TST condena três empresas por assédio eleitoral nas eleições de 2022
Madeireira do PR e dois frigoríficos de MG terão de pagar indenizações que somam até R$ 450 mil e R$ 350 mil após recurso

O Tribunal Superior do Trabalho reconheceu assédio eleitoral praticado por uma madeireira do Paraná e dois frigoríficos de Minas Gerais nas eleições de 2022.
As condenações foram fixadas em R$ 100 mil para a madeireira e R$ 350 mil no total para os frigoríficos, com valores individuais por empregado também determinados.
No caso da madeireira, o Ministério Público do Trabalho abriu inquérito após denúncia sigilosa; quatro testemunhas relataram dispensa por discriminação político-partidária, distribuição de santinhos no relógio de ponto e promessa de churrasco se o candidato deles vencesse.

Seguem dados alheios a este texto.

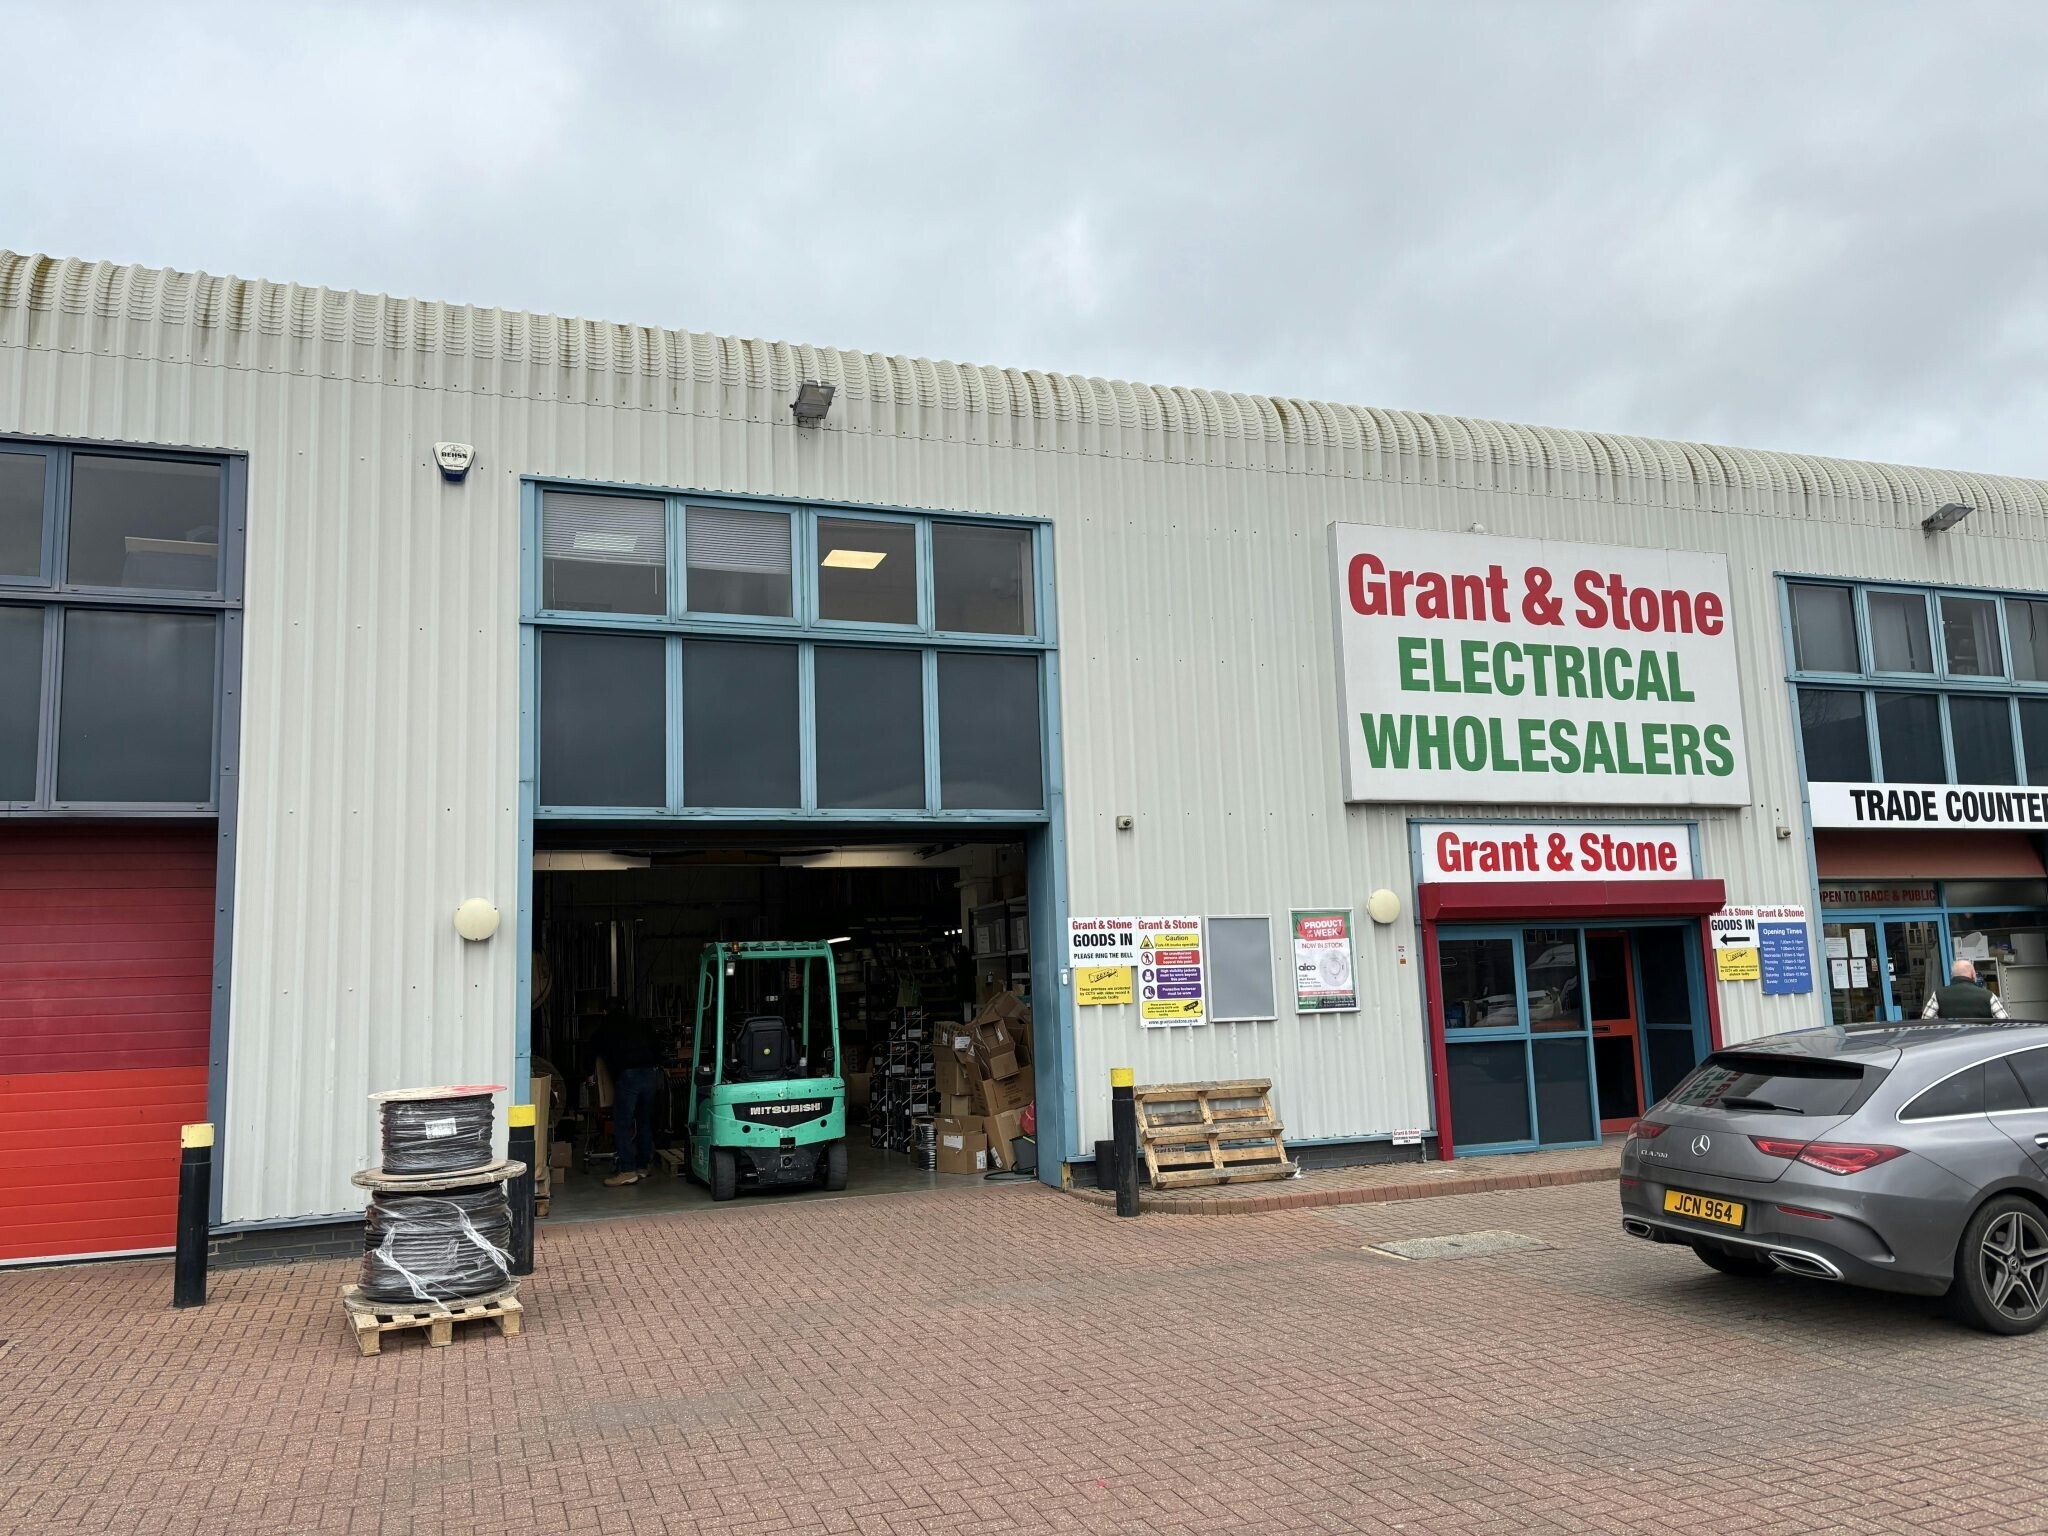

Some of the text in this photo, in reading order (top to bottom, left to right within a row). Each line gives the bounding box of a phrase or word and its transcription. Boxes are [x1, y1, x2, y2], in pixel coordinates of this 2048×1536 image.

[1348, 553, 1723, 636] Grant & Stone
[1398, 636, 1695, 702] ELECTRICAL
[1360, 713, 1735, 777] WHOLESALERS
[1849, 789, 1938, 821] TRADE
[1437, 831, 1677, 873] Grant & Stone
[1820, 889, 1935, 902] PEN TO TRADE & PUBLIC
[1729, 908, 1734, 916] &
[1735, 908, 1753, 916] Stone
[1758, 909, 1804, 917] Grant & Stone
[1072, 920, 1132, 930] Grant & Stone
[1138, 920, 1198, 930] Grant & Stone
[1304, 920, 1342, 929] PRODUCT
[1711, 919, 1755, 930] GOODS IN
[1314, 928, 1338, 937] WEEK
[1073, 933, 1133, 947] GOODS IN
[1074, 952, 1094, 960] PLEASE
[750, 1102, 820, 1115] MITSUBISHI
[1674, 1195, 1733, 1222] JCN 964

Sobre os frigoríficos mineiros, denúncias apontaram evento político dez dias antes do segundo turno, com discursos do dono e de um deputado federal, ameaças de demissão conforme o resultado e distribuição de camisetas de campanha; juntas empregavam cerca de 600 trabalhadores em 2022.
O juízo de primeiro grau e o Tribunal Regional do Trabalho da 9ª Região inicialmente rejeitaram ou mantiveram decisões; o TRT da 3ª Região havia fixado R$ 1 milhão por empresa e R$ 2 mil por empregado, valor depois reduzido pelo TST.

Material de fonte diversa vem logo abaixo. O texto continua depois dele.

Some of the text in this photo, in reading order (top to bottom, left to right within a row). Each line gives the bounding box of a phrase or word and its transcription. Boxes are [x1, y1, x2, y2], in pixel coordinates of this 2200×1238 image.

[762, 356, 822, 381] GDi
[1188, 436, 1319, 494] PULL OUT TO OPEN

A definição de assédio eleitoral usada no processo consta da cartilha do Ministério Público do Trabalho de 2022 e se baseia na Convenção 190 da Organização Internacional do Trabalho.
R$ 100.000 — indenização por danos morais coletivos à madeireira
R$ 350.000 — indenização final conjunta ajustada aos frigoríficos
~600 — trabalhadores empregados pelas duas empresas mineiras em 2022
R$ 3,8 milhões — capital social somado das duas empresas, considerado no ajuste de valor
O ministro relator Augusto César afirmou que “Esses fatos são suficientes para caracterizarem o assédio eleitoral.”
Os processos correm sob os números RR 288-40.2022.5.09.0053 e RR 0011163-18.2022.5.03.0027.